◆ Brief: Omit the images. Copy each entry word for word.

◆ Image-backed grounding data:
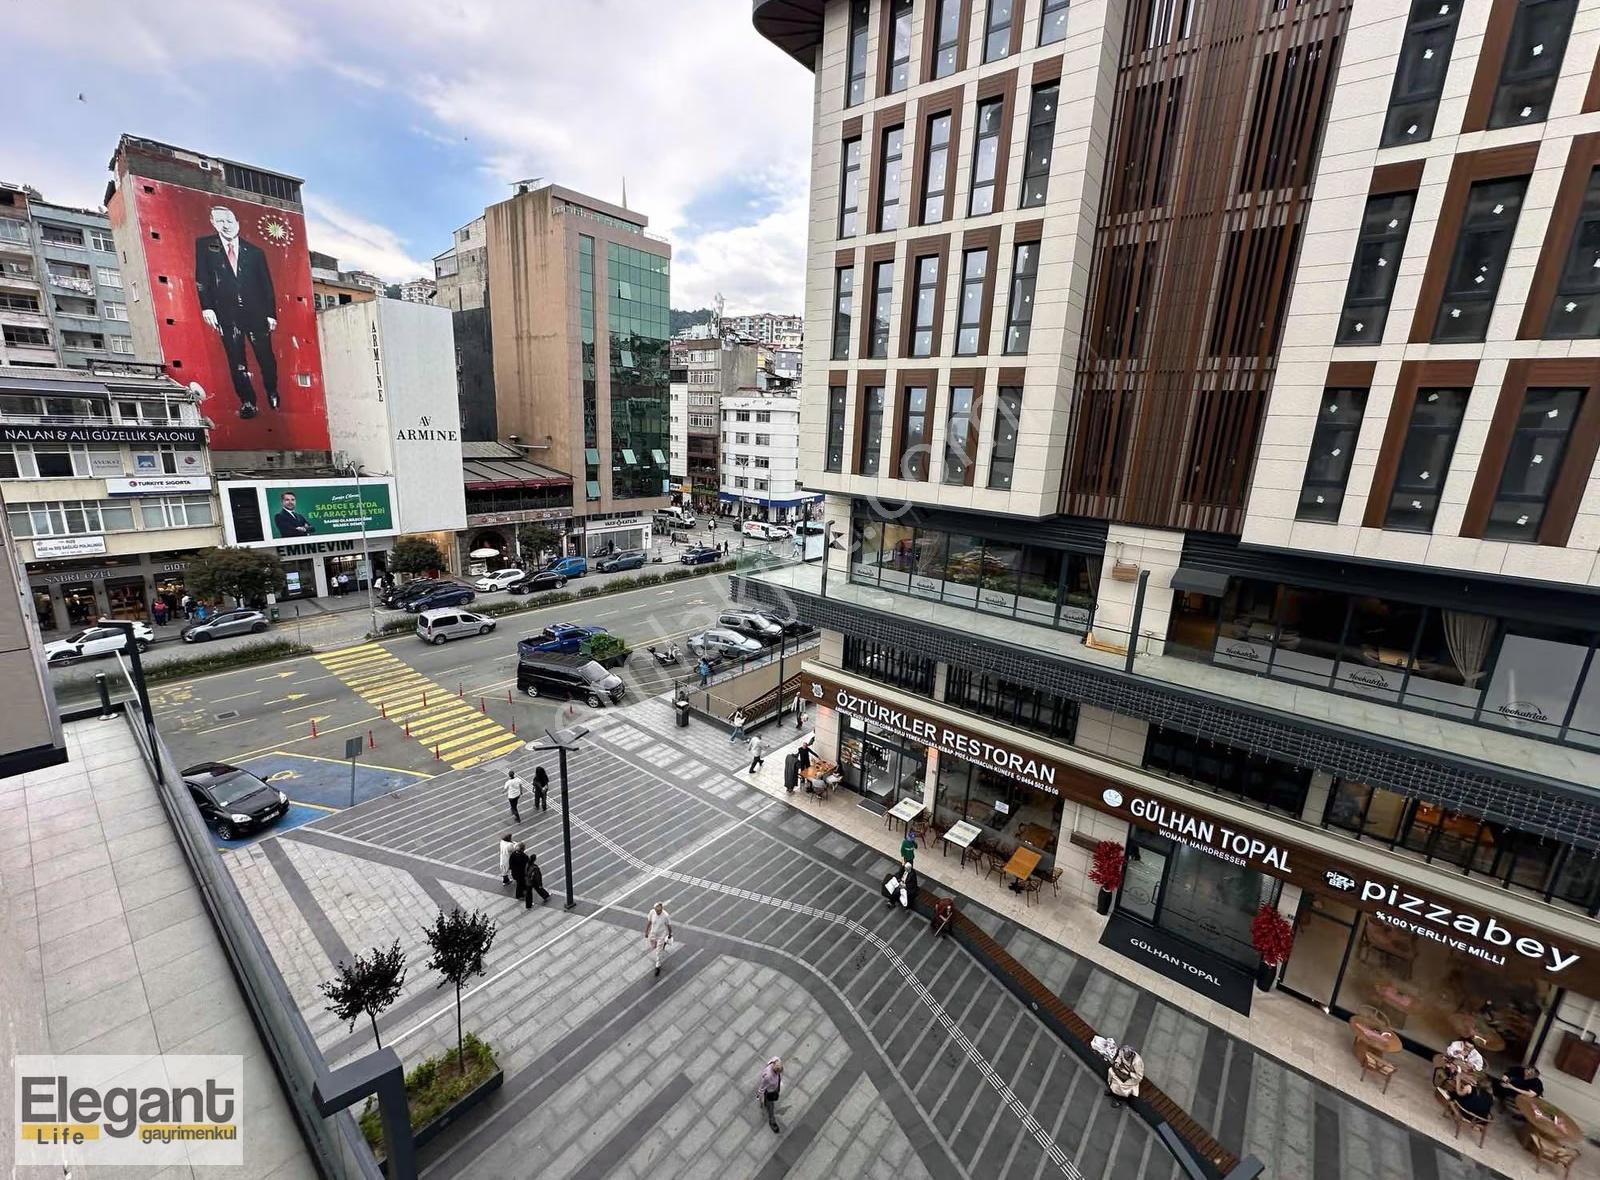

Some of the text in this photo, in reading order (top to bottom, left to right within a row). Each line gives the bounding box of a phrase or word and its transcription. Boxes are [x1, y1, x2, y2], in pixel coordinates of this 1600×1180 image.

[4, 429, 55, 440] NALAN
[57, 431, 67, 440] &
[92, 429, 148, 441] GÜZELLİK
[149, 431, 196, 442] SALONU
[396, 429, 458, 441] ARMINE
[315, 503, 348, 511] SADECE
[323, 510, 347, 518] ARAÇ
[836, 688, 1056, 784] ÖZTÜRKLER RESTORAN
[1130, 798, 1292, 873] GÜLHAN TOPAL
[1159, 828, 1188, 845] WOMAN
[1360, 880, 1581, 972] pizzabey
[1375, 911, 1407, 928] %100
[1449, 938, 1467, 951] VE
[1130, 937, 1221, 987] GÜLHAN TOPAL
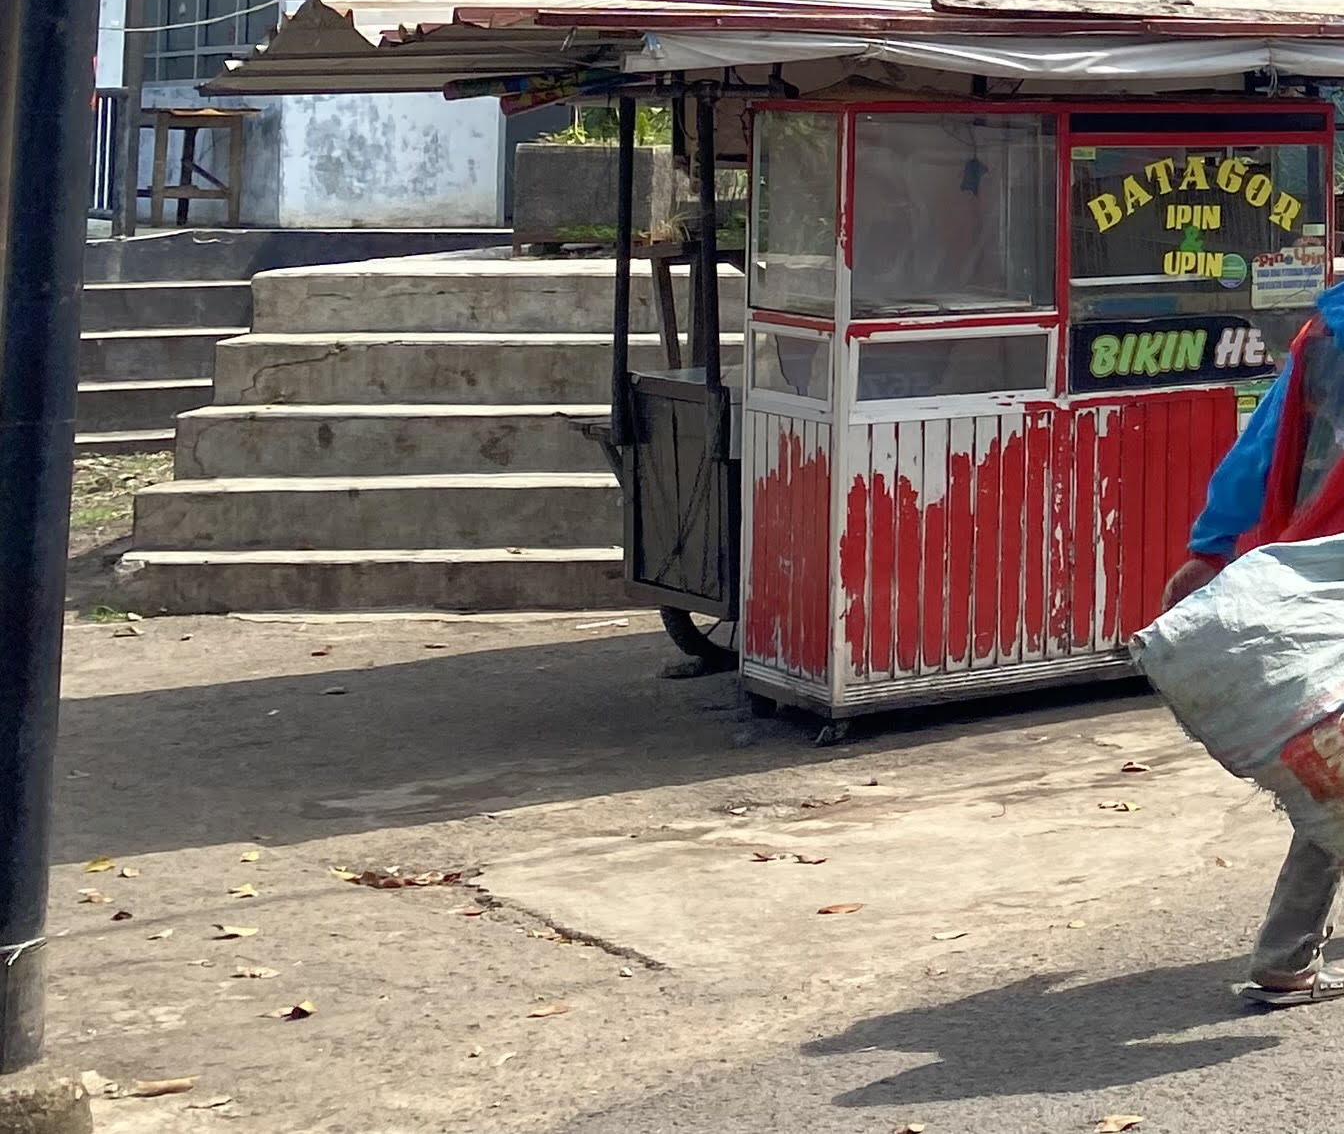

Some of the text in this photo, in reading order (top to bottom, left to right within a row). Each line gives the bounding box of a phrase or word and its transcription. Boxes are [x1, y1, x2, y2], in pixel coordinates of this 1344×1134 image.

[1087, 156, 1302, 233] BATAGOR
[1166, 205, 1221, 230] IPIN
[1163, 252, 1224, 277] UPIN
[1090, 327, 1275, 378] BIKIN HE
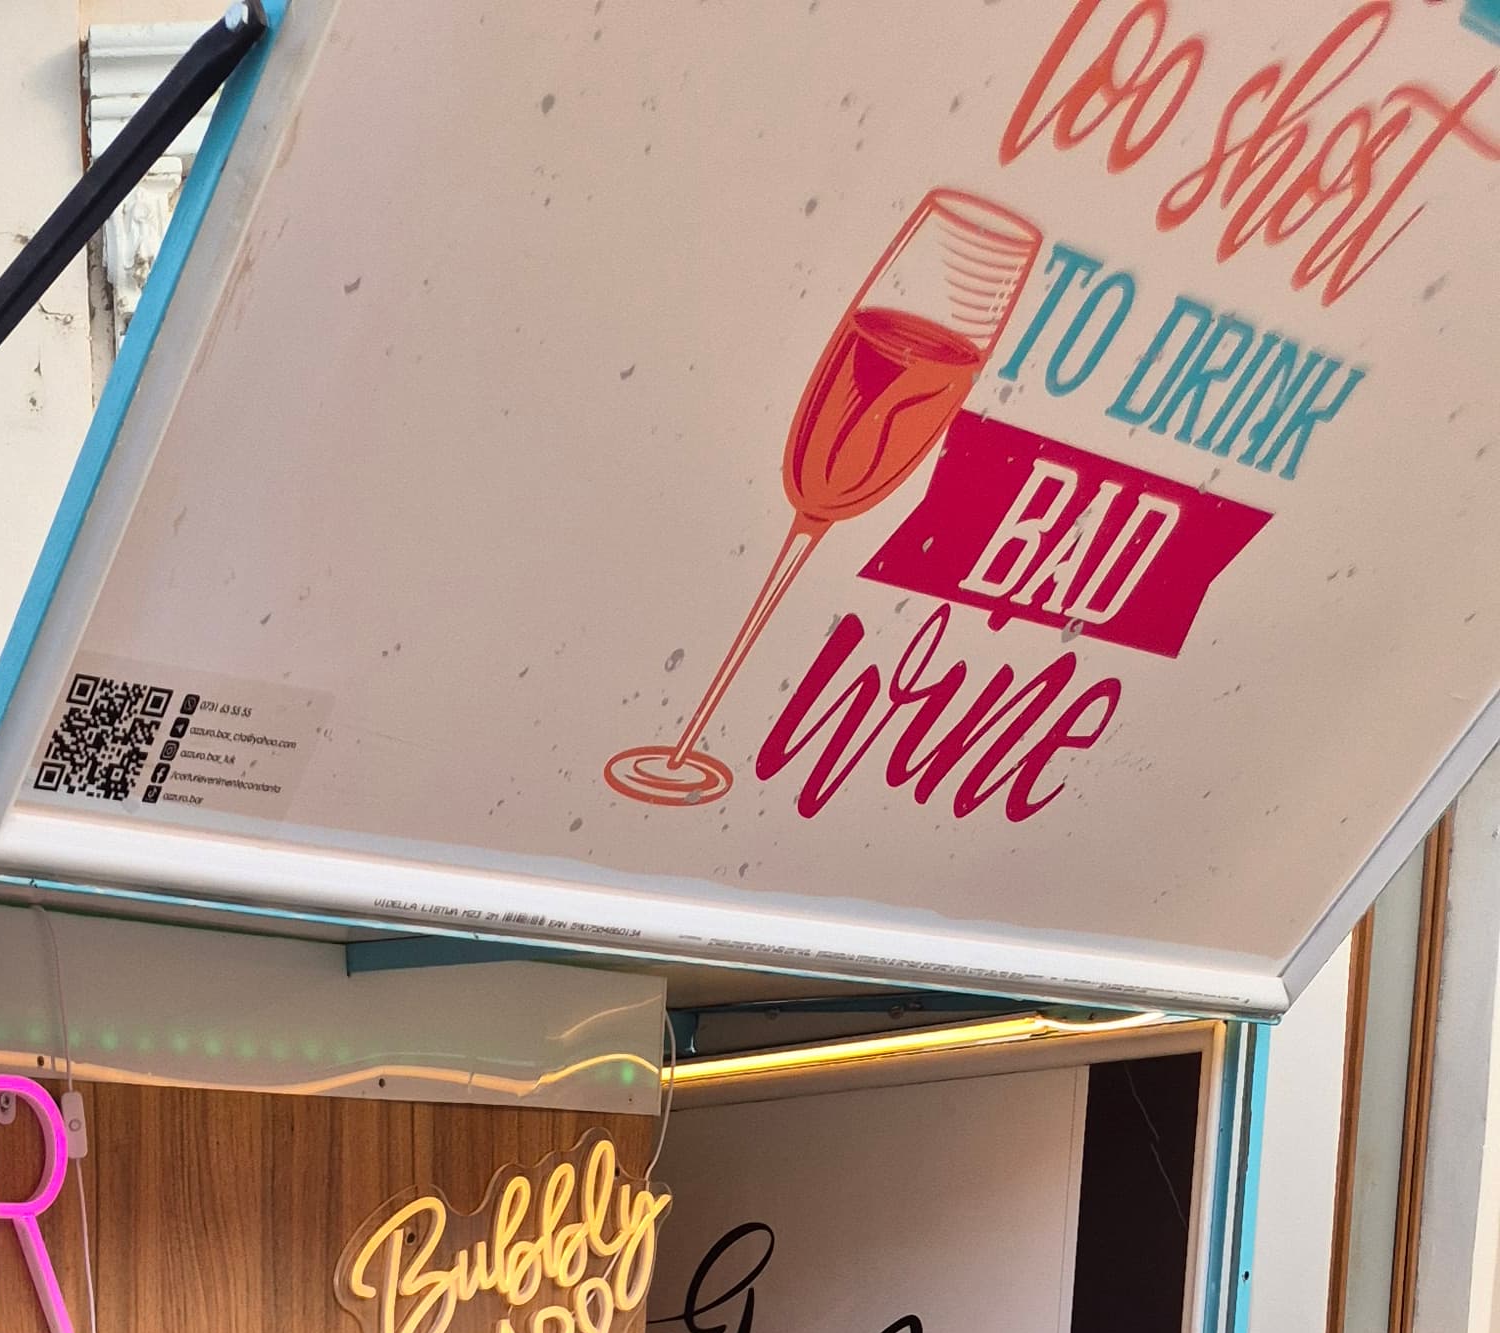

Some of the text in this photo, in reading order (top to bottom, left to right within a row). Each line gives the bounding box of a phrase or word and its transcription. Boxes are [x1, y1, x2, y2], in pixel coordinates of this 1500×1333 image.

[1156, 0, 1500, 307] short
[998, 241, 1367, 481] TO DRINK
[959, 459, 1180, 625] BAD

◆ Result of this task:
Some of the text in this photo, in reading order (top to bottom, left to right within a row). Each line gives the bounding box of a phrase or word and its transcription. Boxes are [x1, y1, x2, y2], in pixel coordinates of this 1600×1180 image.

[4, 429, 55, 440] NALAN
[57, 431, 67, 440] &
[92, 429, 148, 441] GÜZELLİK
[149, 431, 196, 442] SALONU
[396, 429, 458, 441] ARMINE
[315, 503, 348, 511] SADECE
[323, 510, 347, 518] ARAÇ
[836, 688, 1056, 784] ÖZTÜRKLER RESTORAN
[1130, 798, 1292, 873] GÜLHAN TOPAL
[1159, 828, 1188, 845] WOMAN
[1360, 880, 1581, 972] pizzabey
[1375, 911, 1407, 928] %100
[1449, 938, 1467, 951] VE
[1130, 937, 1221, 987] GÜLHAN TOPAL

Some of the text in this photo, in reading order (top to bottom, left to right within a row). Each line gives the bounding box of a phrase or word and its transcription. Boxes are [x1, y1, x2, y2], in pixel coordinates of this 1344×1134 image.

[1087, 156, 1302, 233] BATAGOR
[1166, 205, 1221, 230] IPIN
[1163, 252, 1224, 277] UPIN
[1090, 327, 1275, 378] BIKIN HE

Some of the text in this photo, in reading order (top to bottom, left to right within a row). Each line gives the bounding box of a phrase or word and its transcription. Boxes are [x1, y1, x2, y2], in pixel coordinates of this 1500×1333 image.

[1156, 0, 1500, 307] short
[998, 241, 1367, 481] TO DRINK
[959, 459, 1180, 625] BAD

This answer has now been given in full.